8 of 8 people found the following review helpful:
4.0 out of 5 stars Without a Compass, April 28, 2003
By disheveledprofessor (the home of the Blue Angels) - See all my reviews
One of the frustrations [and benefits] of going to live in a foreign culture is that the standards and norms used, usually unconscientiously, for "sizing up" people no longer valid. So how do you determine who is your friend and who is using you? How do you determine what is friendship ad what is mere politeness? How do you determine what you "believe" is truly your belief and what is your cultural conditioning? How do you determine what is virtue? How do you determine which "cultural traditions" should be observed out of politeness and which should not? LIving in a foreign culture is challenging, not only because of external adaptations you may be asked to make, but because of the internal self-examinations you will require of yourself.

Hilary Mantel is a keen observer of human character, human fraility, human environments, and she describes the environment, emotions and atmospheres with a crystal clarity.

Frances and her husband Andrew go to Saudi Arabia, where Andrew, an engineer, has signed a contract to construct a building. They live in an apartment building on Ghazzah Street, where Frances makes friends with the wives there [a Saudi and a Pakistani], and encounters some mystery, as there are sounds coming from a supposedly empty apartment.

Mantel carefully builds up the story, horror replacing the stifling boredom of the place as she progresses. Excerpts from Frances' diary are effectively interspersed in the text. The tension slowly rises, to the mysterious end.

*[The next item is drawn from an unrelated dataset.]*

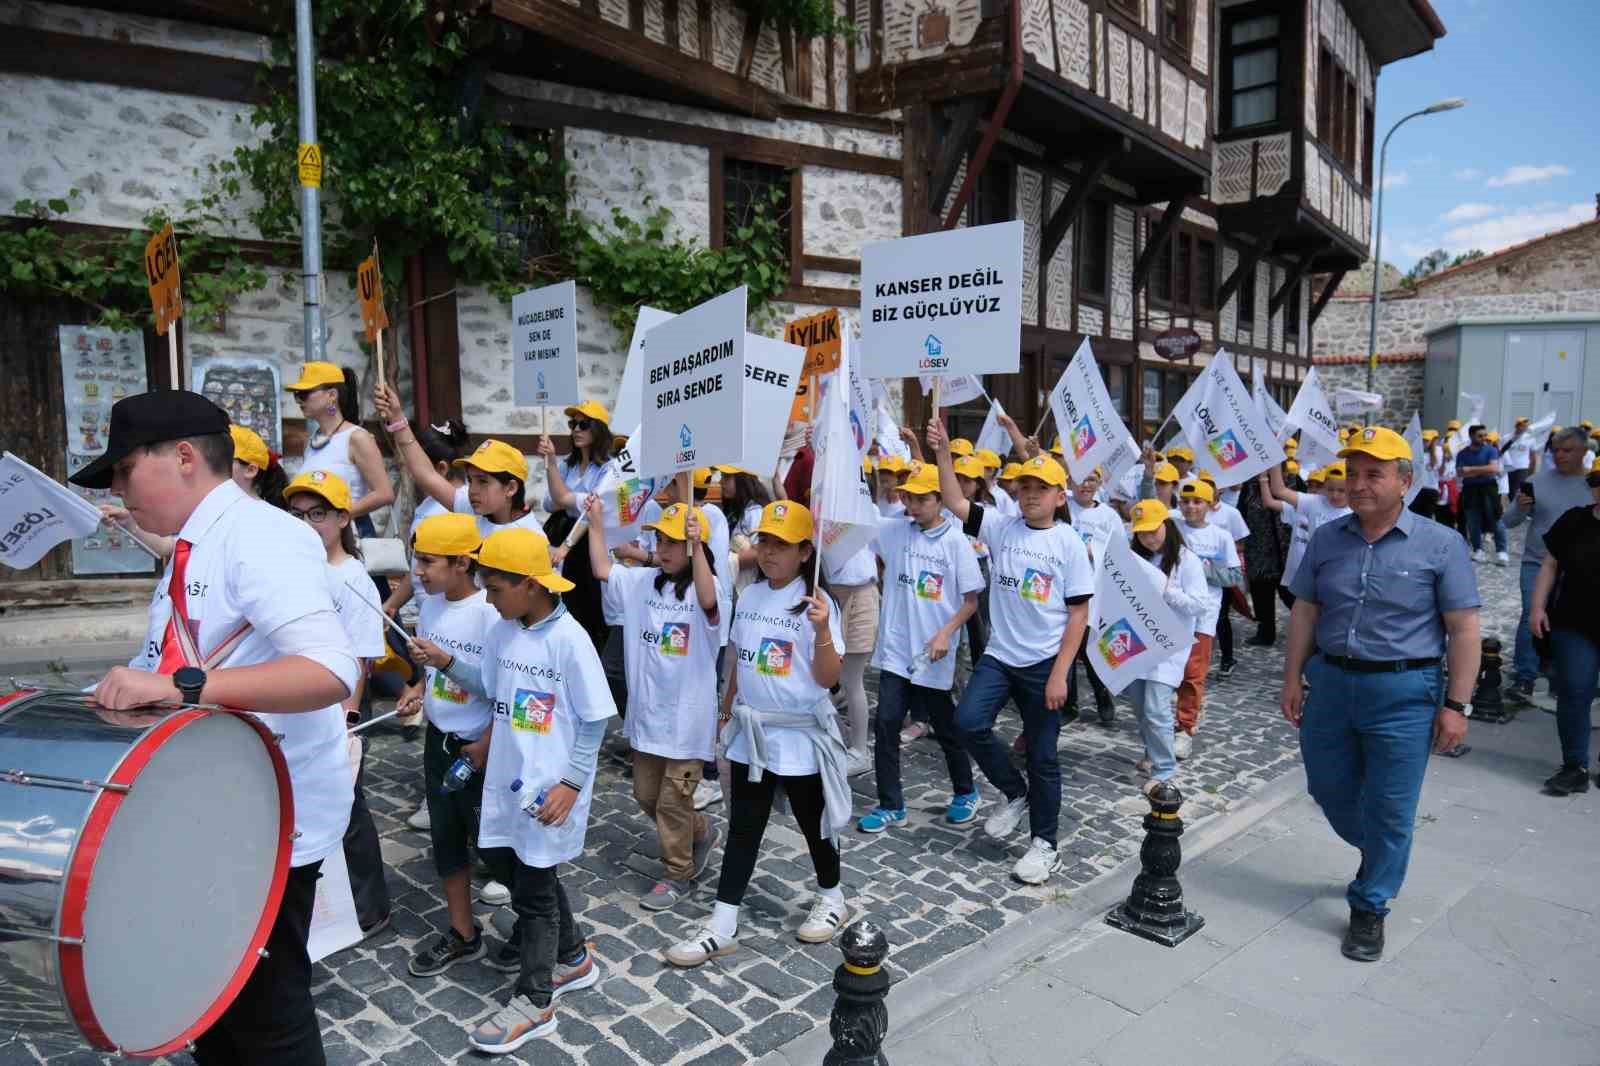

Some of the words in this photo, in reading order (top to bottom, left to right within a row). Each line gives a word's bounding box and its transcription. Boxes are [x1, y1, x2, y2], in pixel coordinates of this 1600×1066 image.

Mantel paints the varied expat communities (and the ugly corporations that do business there) very well, her opprobrium doled out equally to natives and foreigners alike.

The novel is written as an "entertaining read", in a page-turning style -- you are interested in the characters and events. Yet it is a substantial work, addressing important themes: good versus evil, do our choices make a difference, the cost of cultural misunderrstandings, the loss of faith, how any sense of security is an illusion. While entertaining, Mantel is not afraid of the artist's obligation to tell us unpalatable truths about ourselves.

My one complaint is that the ending was unclear and unsettled.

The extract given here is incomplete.